Karlsen estaba patrullando en el único coche de servicio que tenían a su disposición aquel día, y que debía prestar servicio a toda la ciudad, de manera que en lugar de a Karlsen, Sejer se llevó a Skarre, un sargento joven de pelo rizado, de más o menos la mitad de años que él. Skarre era un tipo alegre, de buen humor y optimista, con restos de un dialecto del sur que se acentuaba conforme se le aceleraban las pulsaciones. Volvieron a aparcar junto al buzón de Granittveien y hablaron un rato con Irene Album. Ragnhild se agarraba a su vestido como una lapa. Era evidente que en su blanca cabecita habían entrado algunas amonestaciones. La madre señalaba y explicaba, dijo que deberían seguir un sendero marcado que subía desde el bosque frente a la casa de la izquierda y pasaba por la colina. Dos hombres ágiles como ellos tardarían unos veinte minutos en subir, calculó.

Los troncos de los abetos estaban señalados con flechas azules. Miraban con escepticismo los excrementos de las ovejas y pisaban de vez en cuando el brezo, pero sin aflojar nunca el paso. El sendero era cada vez más empinado. Skarre jadeaba, Sejer andaba ligero y sin esfuerzo. Se detuvo una vez, se volvió y miró hacia abajo, a la urbanización.

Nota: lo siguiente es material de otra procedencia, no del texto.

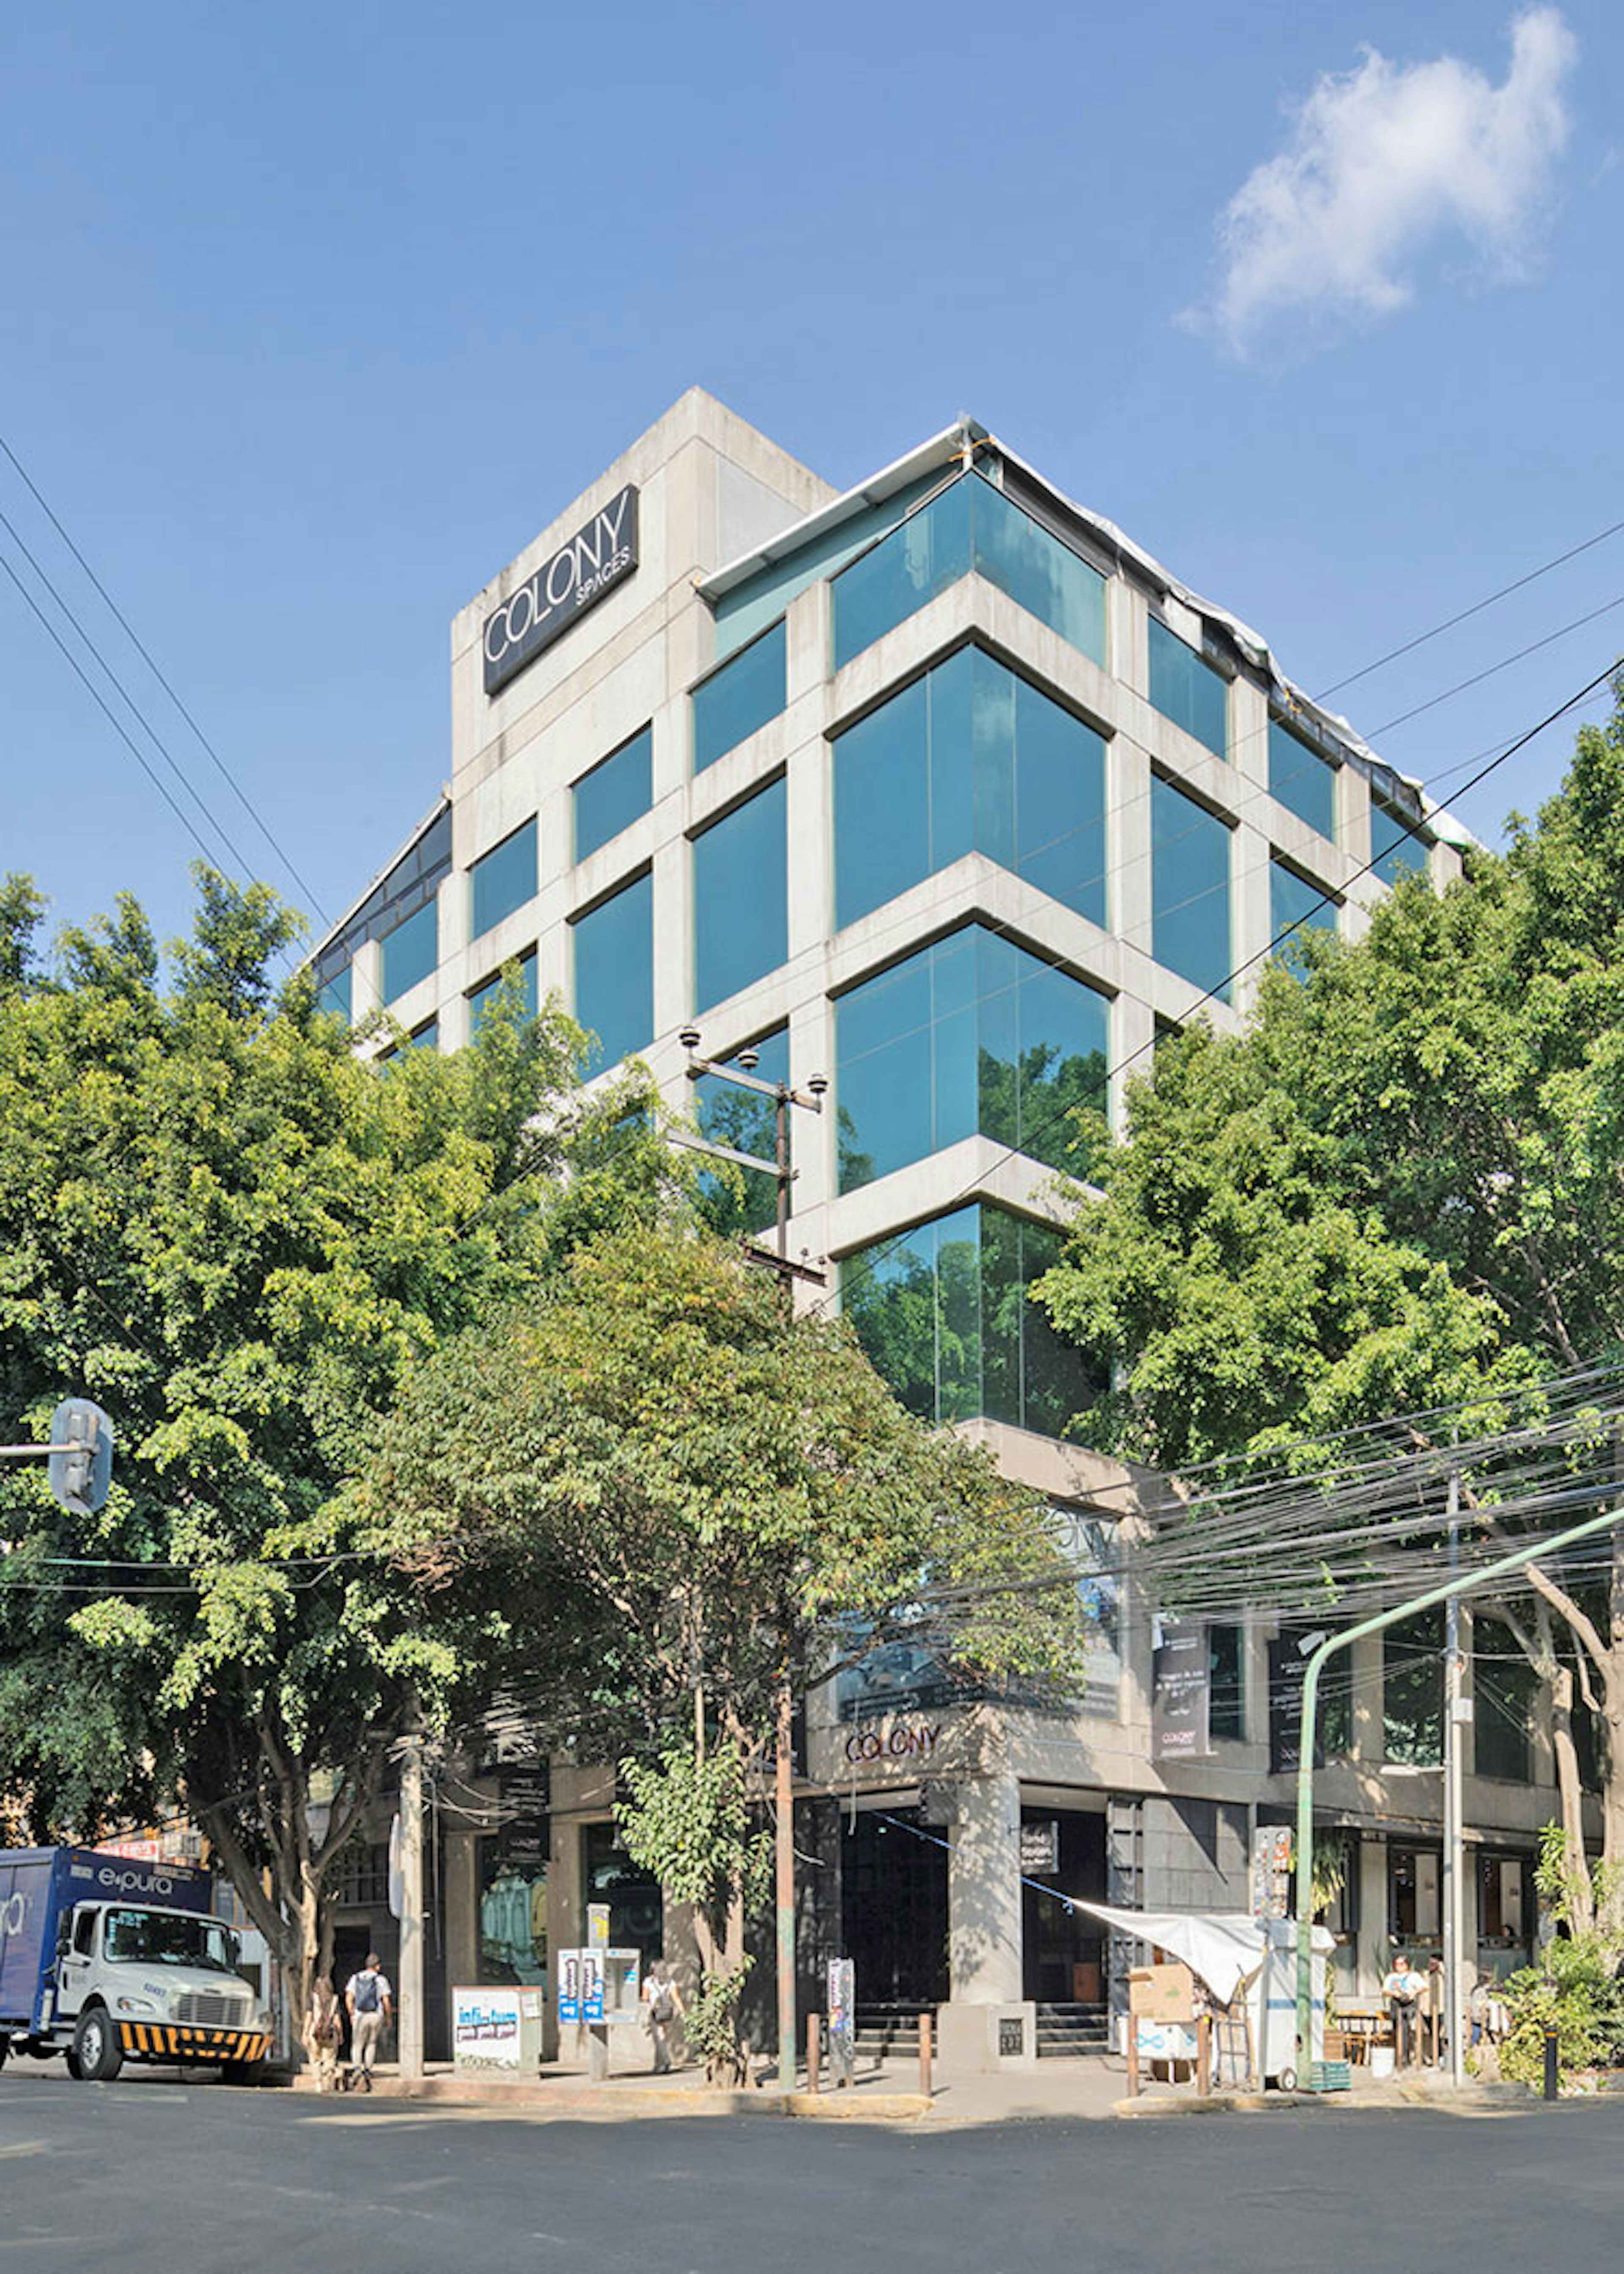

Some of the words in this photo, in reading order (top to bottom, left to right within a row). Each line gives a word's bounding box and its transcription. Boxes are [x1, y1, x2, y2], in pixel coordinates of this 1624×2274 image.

Desde allí no veían más que tejados de color rosa, marrón y negro a lo lejos. Continuaron y dejaron de hablar, en parte porque necesitaban la respiración para levantar las piernas y en parte debido a lo que temían encontrar. El bosque era por allí tan tupido que andaban en penumbras. Sejer tenía la mirada fija en el sendero, no por miedo a tropezarse con algo, sino para ir buscando. Si realmente hubiera ocurrido algo allí arriba, sería importante no perderse ni un detalle. Llevaban andando exactamente diecisiete minutos cuando el bosque se abrió delante de ellos, dejando que la luz del día penetrara en él. Ya podían ver la laguna. Una laguna tan quieta que parecía un espejo, no mucho más grande que un charco. Estaba entre los abetos como una cámara secreta. Por un momento dejaron que sus miradas se pasearan velozmente por el paisaje siguiendo la línea amarilla de los juncos, y un poco más a lo lejos divisaron algo parecido a una playa. Continuaron andando a cierta distancia del agua, porque la línea de juncos era bastante ancha, y llevaban zapatos normales. Difícilmente se podría llamar playa a eso. Era más bien una pequeña zona fangosa con cuatro o cinco piedras grandes, lo justo para mantener alejados los juncos. Tal vez fuera el único lugar por donde se podía llegar hasta la misma orilla del agua. En el fango yacía una mujer. Estaba echada de lado y de espaldas a ellos, con el torso cubierto por un oscuro anorak como única prenda. En un montón a su lado había ropa azul y blanca. Sejer se detuvo en seco, y cogió automáticamente el teléfono móvil que llevaba colgado del cinturón. Luego cambió de idea. Salió del sendero y se acercó con cuidado a la mujer, mientras oía cómo gorgoteaban sus zapatos.